AVAILABLE DATA Start Marker

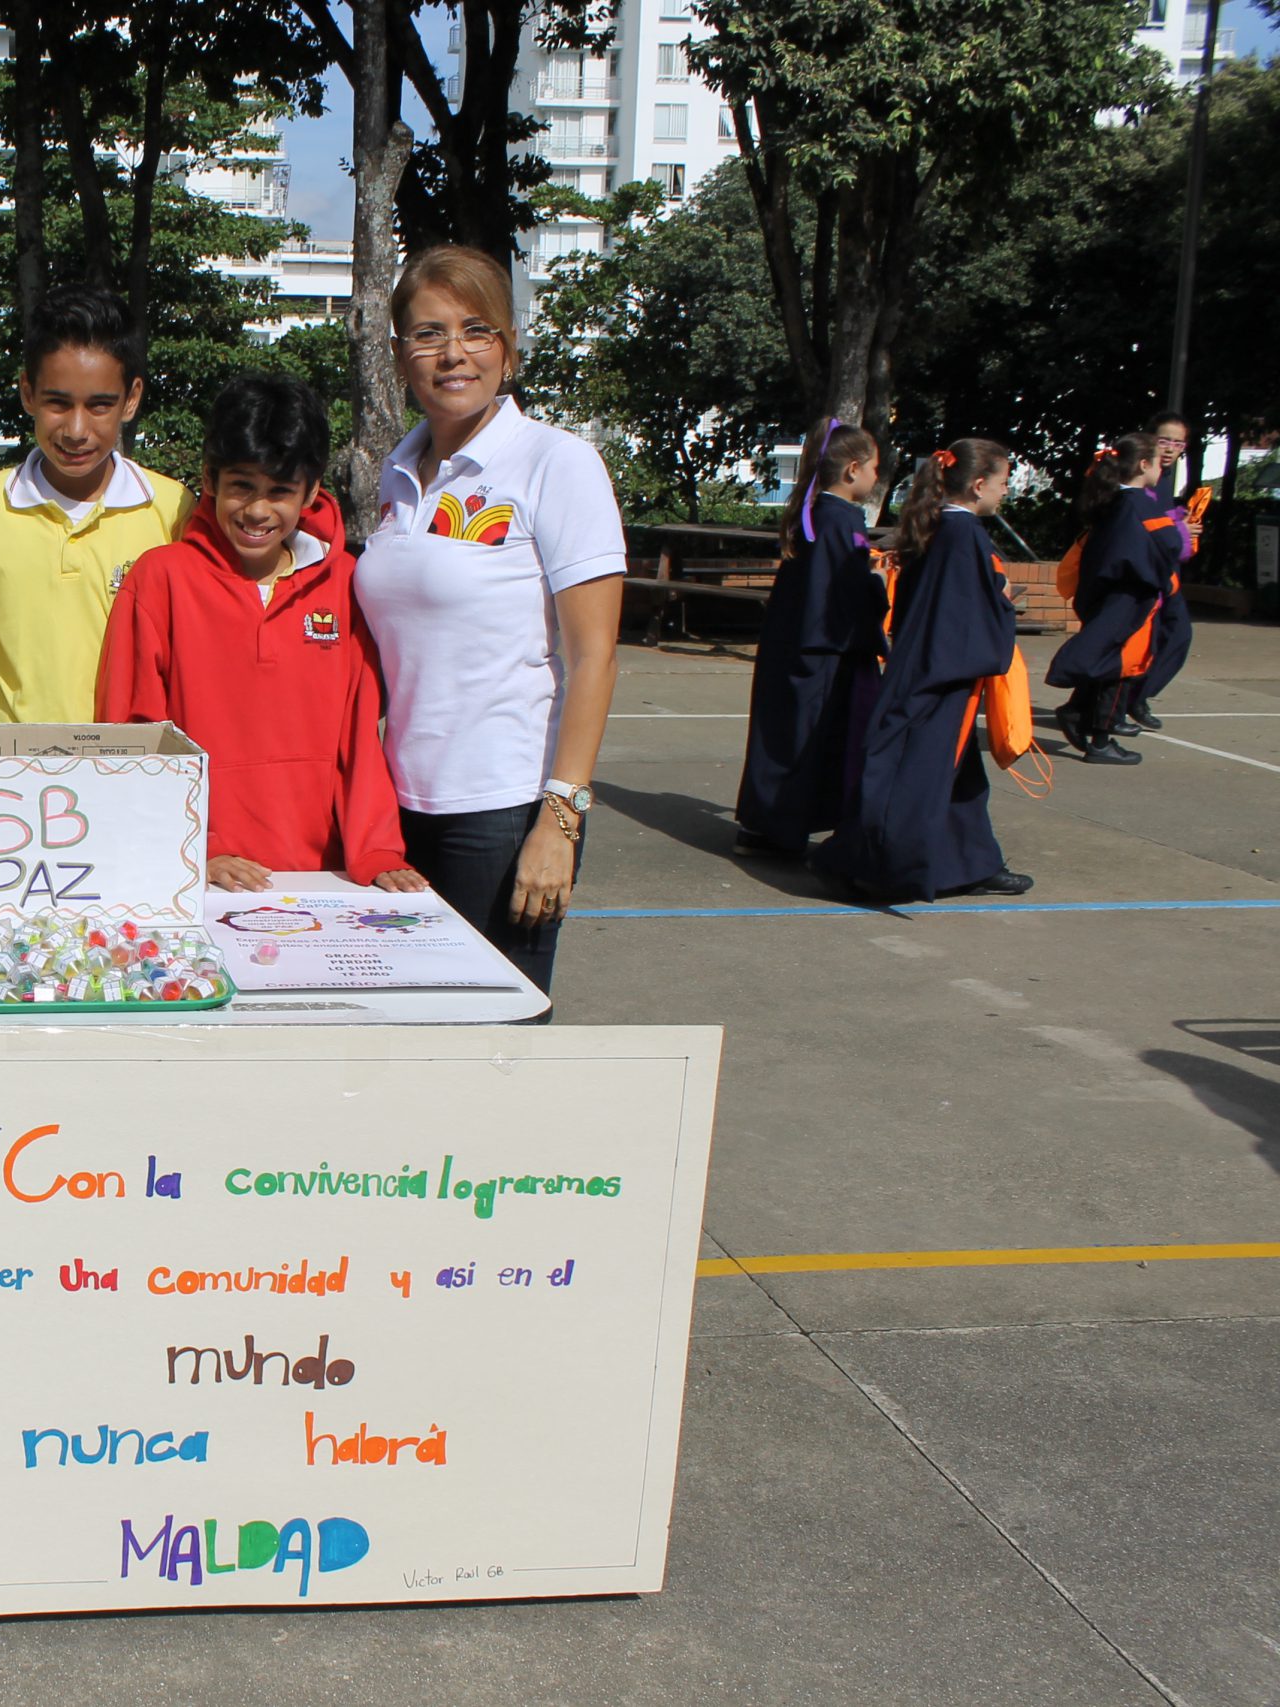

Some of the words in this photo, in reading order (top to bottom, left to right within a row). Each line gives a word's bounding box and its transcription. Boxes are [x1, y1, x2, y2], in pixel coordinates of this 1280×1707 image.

[475, 484, 493, 494] PAZ
[73, 734, 101, 742] BOGOTA
[145, 1154, 182, 1199] la
[224, 1161, 428, 1199] convivencia
[147, 1255, 349, 1296] comunidad
[390, 1270, 411, 1299] y
[435, 1261, 476, 1289] asi
[496, 1266, 532, 1287] en
[546, 1258, 575, 1287] el
[166, 1334, 356, 1390] mundo
[21, 1424, 210, 1469] nunca
[304, 1411, 448, 1466] habrá
[120, 1514, 370, 1598] MALDAD
[402, 1568, 445, 1589] Victor

AVAILABLE DATA End Marker

-- WHAT IS NEEDED --
Please copy the data shown above precisely, leaving the images out.

-- RESPONSE BELOW --
Some of the words in this photo, in reading order (top to bottom, left to right within a row). Each line gives a word's bounding box and its transcription. Boxes are [x1, y1, x2, y2], in pixel coordinates of this 1280×1707 image.

[475, 484, 493, 494] PAZ
[73, 734, 101, 742] BOGOTA
[145, 1154, 182, 1199] la
[224, 1161, 428, 1199] convivencia
[147, 1255, 349, 1296] comunidad
[390, 1270, 411, 1299] y
[435, 1261, 476, 1289] asi
[496, 1266, 532, 1287] en
[546, 1258, 575, 1287] el
[166, 1334, 356, 1390] mundo
[21, 1424, 210, 1469] nunca
[304, 1411, 448, 1466] habrá
[120, 1514, 370, 1598] MALDAD
[402, 1568, 445, 1589] Victor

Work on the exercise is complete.